Rabu, 23 November 2011

Surat buat Anak-anakku

Makassar, 5 November 2011
Saya punya tiga klub sepakbola favorit; Real Madrid, Chelsea, dan Inter Milan. Mereka tim besar dengan segudang prestasi. Saat mereka bertanding dan menang, perasaan saya sangat bahagia. Sebaliknya, ketika mereka kalah, yakin saja saya pasti bersedih.

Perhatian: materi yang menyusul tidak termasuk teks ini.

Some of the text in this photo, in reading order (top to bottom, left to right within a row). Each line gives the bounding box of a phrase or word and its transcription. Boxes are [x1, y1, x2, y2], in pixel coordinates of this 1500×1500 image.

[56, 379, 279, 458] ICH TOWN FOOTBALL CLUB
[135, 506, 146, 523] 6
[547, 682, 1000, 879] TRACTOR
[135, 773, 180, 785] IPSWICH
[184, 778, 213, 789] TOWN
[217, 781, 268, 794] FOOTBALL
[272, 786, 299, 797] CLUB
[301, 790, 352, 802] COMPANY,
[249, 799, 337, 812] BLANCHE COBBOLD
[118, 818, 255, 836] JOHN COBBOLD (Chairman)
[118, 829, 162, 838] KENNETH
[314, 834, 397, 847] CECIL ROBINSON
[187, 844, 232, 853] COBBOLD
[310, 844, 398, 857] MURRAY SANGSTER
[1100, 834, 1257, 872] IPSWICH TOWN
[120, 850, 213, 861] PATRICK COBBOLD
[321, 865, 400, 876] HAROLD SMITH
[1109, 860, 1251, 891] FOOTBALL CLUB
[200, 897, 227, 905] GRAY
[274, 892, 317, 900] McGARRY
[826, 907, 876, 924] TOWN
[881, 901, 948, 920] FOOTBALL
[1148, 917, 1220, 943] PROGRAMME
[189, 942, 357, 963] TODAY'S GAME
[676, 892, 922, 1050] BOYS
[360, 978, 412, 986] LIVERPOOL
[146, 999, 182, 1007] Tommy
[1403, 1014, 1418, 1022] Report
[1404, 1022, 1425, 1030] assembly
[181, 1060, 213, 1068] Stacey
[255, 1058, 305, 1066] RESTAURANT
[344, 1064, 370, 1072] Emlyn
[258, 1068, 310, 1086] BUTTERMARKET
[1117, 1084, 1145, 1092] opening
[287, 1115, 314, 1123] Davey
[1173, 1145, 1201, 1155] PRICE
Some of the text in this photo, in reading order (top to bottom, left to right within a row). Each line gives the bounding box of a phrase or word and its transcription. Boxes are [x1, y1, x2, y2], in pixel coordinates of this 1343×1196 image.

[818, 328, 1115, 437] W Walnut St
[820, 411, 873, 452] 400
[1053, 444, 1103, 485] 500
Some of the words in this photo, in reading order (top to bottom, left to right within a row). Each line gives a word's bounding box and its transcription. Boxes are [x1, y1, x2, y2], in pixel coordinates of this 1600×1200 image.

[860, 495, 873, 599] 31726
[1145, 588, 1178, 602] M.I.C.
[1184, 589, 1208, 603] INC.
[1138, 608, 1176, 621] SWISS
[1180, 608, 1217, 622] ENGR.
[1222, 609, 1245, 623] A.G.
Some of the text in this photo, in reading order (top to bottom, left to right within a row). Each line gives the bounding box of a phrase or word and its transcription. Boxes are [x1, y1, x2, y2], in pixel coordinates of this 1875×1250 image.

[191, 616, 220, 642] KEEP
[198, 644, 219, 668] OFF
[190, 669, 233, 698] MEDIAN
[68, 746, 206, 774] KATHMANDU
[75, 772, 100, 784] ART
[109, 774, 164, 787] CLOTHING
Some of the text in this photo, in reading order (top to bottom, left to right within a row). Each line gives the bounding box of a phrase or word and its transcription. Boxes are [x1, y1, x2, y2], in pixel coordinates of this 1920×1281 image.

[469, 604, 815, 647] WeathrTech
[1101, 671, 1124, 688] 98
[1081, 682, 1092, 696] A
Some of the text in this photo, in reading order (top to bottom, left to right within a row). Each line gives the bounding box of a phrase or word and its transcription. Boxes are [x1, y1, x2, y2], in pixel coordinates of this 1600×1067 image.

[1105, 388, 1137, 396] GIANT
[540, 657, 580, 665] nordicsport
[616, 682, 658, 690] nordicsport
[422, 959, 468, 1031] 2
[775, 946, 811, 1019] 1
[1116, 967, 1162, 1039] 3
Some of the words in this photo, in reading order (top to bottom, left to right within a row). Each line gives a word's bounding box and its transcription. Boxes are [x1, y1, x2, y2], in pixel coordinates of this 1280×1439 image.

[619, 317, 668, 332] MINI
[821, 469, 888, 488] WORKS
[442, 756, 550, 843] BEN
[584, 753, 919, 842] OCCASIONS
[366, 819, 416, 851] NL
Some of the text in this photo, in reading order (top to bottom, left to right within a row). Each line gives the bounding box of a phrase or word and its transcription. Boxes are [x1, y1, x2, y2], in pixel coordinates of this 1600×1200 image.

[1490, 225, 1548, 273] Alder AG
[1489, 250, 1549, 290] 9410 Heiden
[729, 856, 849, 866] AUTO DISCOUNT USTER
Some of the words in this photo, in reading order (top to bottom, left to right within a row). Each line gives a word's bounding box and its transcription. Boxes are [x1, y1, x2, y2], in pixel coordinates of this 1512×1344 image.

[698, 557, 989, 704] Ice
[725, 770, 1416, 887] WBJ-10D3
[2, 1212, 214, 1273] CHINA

Kalian juga; Rara, Syifa, dan Arung Mario, tiga anak kebanggaanku. Kelak saya berharap kalian punya prestasi besar seperti Madrid, Inter atau Chelsea. Saya ingin kalian membuat bangga, bukan hanya saya, ibu kalian atau nenek, tapi juga negeri dan bumi ini.
Mendung, pagi, dan esok lebaran haji, mengingatkanku pada kampung halaman dan masa kecilku. Pagi ini saya ingin bercerita ke kalian soal kampung ayah dan masa kecil yang menyenangkan itu.
Ayah lahir dan remaja di kampung Bungi, Desa Lalabata, Kecamatan Tanete Rilau, Barru, Sulsel. Rumah kita RT 1, RW 1 No. 12. Rumah kita sederhana. Sesederhana kehidupan ayah, nenek dan paman kalian.
Tapi, sampai saat ini, seperti terhadap kalian, rumah dan nenek serta paman kalian adalah kebahagian yang tak tergantikan.
Masa kecil ayah sungguh membahagiakan. Bangun pagi, dimandikan mama, sekolah, bermain layangan, main bola di sawah dan mandi di sungai adalah keseharian yang menyenangkan. Tak pernah lepas di ingatan saya jerami-jerami basah tempat berguling-guling kala berlari di tengah sawah saat main layangan. Juga air sungai yang bening dan dingin. Sungai itulah kini yang kadang jadi pembenaran ayah untuk kulit yang hitam ini.
Ayah kecil begitu akrab dengan alam. Sangat beda dengan kalian. Terik sedikit pun membuat kalian kepanasan. Tak ada layangan, sawah atau sungai dalam dunia kalian. Yang kalian kenal semua serba modern. Trans Studio, KidZone, berbagai jenis game dan alatnya yang kadang membingunkan saya kala berpikir bagaimana memainkannya. Tak ada sungai di kehidupan kalian. Yang ada kolam renang dengan pakaian minim pengunjungnya.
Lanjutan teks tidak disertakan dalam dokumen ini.